Kavitha Rajagopalan is a journalist, author, and migration scholar whose work sits at the intersection of media infrastructure, immigrant communities, and democratic participation. Across journalism, academia, and nonprofit leadership, her career has focused on strengthening community-based media ecosystems—particularly those serving populations historically excluded from mainstream narratives and resources.
She founded the Asian Media Initiative (AMI) at the Craig Newmark Graduate School of Journalism, the first national program dedicated to supporting in-language and community-based journalism serving Asian American and Pacific Islander communities in the United States. Under her leadership, AMI produced the first national map and directory of more than 730 AAPI news media outlets and published a landmark report tracing the evolution of AAPI journalism from the nineteenth century to the present. That report was released on the centennial of the 1924 Johnson–Reed Act, situating contemporary media struggles within a longer history of exclusion, migration, and resistance.
Through cross-initiative partnerships with Black and Latino media organizations, Rajagopalan has focused on strengthening community media ecosystems while expanding coverage of issues including gender-based violence, hate crimes, disinformation, and voter engagement. Her work emphasizes long-term capacity and sustainability—supporting not just individual stories, but the systems that make community-centered journalism possible over time.
An accomplished author, Rajagopalan wrote Muslims of Metropolis: The Stories of Three Immigrant Families in the West (Rutgers University Press), a finalist for the Asian American Literary Award, and is co-author of The Testing and Learning Revolution (Palgrave Macmillan). She has contributed to multiple edited volumes and anthologies, including Across Oceans and Waves: Asian Diasporic History, Politics and Disinformation (University of Washington Press) and Borders and Mobility in South Asia and Beyond (University of Amsterdam Press). Her writing has appeared in The New York Times, The Nation, and The Atlantic’s CityLab, among other publications, and she has provided expert commentary for MSNBC, PBS, and Newsday.
Rajagopalan has worked as a journalist in the United States, India, and Germany, taught courses on global migration and writing at NYU’s Center for Global Affairs, and previously served as a senior fellow at the Carnegie Council for Ethics in International Affairs and the World Policy Institute.

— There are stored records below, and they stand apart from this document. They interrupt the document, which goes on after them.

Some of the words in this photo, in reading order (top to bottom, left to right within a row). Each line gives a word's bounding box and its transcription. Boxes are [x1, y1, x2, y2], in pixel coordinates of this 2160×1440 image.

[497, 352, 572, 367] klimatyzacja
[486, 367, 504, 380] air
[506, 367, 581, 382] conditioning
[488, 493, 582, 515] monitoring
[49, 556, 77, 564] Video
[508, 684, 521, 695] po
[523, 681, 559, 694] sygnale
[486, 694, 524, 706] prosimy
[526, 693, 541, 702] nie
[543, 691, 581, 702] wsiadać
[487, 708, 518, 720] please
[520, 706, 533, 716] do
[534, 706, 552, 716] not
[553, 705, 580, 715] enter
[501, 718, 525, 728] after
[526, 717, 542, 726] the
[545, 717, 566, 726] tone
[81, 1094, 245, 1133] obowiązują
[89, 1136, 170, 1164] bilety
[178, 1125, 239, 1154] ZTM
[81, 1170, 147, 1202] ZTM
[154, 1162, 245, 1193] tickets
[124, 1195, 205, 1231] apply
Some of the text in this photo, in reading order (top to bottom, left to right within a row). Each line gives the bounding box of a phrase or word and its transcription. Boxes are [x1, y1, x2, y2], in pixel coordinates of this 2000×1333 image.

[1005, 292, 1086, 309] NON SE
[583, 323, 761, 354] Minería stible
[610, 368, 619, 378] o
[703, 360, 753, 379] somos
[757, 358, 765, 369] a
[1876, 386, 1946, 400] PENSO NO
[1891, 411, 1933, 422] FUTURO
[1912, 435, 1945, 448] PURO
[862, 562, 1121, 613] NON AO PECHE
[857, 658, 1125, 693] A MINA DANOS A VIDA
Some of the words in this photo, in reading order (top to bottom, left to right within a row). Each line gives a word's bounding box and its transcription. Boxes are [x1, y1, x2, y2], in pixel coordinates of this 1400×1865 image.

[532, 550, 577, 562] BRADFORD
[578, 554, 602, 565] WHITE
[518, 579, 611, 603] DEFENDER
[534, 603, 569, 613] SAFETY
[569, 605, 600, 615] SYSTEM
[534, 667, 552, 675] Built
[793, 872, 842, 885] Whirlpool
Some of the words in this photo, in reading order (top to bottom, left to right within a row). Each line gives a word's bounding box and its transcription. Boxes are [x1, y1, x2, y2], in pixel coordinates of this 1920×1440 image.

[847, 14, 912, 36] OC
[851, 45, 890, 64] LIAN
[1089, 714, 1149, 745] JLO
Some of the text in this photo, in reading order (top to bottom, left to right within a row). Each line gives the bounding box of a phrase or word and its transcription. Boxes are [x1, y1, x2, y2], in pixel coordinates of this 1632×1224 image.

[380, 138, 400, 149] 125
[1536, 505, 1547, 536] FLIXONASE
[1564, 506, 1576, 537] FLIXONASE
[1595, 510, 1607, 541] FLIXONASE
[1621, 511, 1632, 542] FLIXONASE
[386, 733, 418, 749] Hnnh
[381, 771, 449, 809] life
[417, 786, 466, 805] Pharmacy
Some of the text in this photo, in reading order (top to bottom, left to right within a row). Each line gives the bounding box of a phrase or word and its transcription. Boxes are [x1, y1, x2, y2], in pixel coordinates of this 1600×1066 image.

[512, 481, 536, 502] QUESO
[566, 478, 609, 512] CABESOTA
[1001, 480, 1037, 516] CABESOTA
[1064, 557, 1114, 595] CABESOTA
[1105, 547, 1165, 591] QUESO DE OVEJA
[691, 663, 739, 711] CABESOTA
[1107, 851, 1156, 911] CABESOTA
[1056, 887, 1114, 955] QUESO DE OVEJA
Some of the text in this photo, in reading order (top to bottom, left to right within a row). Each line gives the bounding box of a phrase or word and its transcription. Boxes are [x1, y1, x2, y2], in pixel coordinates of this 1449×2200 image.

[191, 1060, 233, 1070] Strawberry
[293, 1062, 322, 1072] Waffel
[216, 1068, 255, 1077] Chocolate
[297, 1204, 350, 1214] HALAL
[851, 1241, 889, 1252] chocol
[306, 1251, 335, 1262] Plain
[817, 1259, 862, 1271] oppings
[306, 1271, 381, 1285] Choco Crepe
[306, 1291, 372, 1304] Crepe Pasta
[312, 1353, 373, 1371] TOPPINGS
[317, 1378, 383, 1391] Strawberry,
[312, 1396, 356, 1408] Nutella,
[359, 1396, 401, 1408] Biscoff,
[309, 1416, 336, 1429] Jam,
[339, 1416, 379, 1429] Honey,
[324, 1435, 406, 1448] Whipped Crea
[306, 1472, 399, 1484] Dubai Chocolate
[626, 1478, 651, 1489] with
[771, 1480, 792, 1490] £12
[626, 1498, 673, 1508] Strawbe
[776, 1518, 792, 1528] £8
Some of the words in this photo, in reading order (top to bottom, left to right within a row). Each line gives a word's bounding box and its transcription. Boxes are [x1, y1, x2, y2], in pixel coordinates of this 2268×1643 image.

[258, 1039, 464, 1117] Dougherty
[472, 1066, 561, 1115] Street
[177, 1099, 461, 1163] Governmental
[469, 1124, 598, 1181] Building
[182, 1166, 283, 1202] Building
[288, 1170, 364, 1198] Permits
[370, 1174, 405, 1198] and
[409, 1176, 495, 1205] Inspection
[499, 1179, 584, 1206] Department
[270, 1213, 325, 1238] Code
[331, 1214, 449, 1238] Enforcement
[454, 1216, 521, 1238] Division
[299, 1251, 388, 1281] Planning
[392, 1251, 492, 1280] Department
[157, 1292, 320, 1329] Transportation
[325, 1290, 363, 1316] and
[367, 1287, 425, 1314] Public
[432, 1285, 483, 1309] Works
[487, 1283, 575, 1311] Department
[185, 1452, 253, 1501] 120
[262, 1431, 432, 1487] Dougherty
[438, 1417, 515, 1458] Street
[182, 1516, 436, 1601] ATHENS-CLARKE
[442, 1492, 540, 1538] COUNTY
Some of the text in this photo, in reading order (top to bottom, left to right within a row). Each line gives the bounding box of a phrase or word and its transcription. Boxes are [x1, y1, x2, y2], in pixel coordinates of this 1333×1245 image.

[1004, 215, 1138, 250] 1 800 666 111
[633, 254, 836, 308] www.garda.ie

She holds a Master’s degree from Columbia University’s School of International and Public Affairs and a B.A. from the College of William & Mary, and is a recipient of a Fulbright Scholarship.
As BlindianProject’s board continues to take shape, Rajagopalan’s experience in building media infrastructure, supporting community-led institutions, and navigating the intersections of migration, power, and storytelling will support the organization’s long-term governance and vision.
BlindianProject is committed to building slowly and intentionally—prioritizing care, accountability, and integrity as the work grows. We are grateful to be entering this next phase with Kavitha’s guidance and partnership.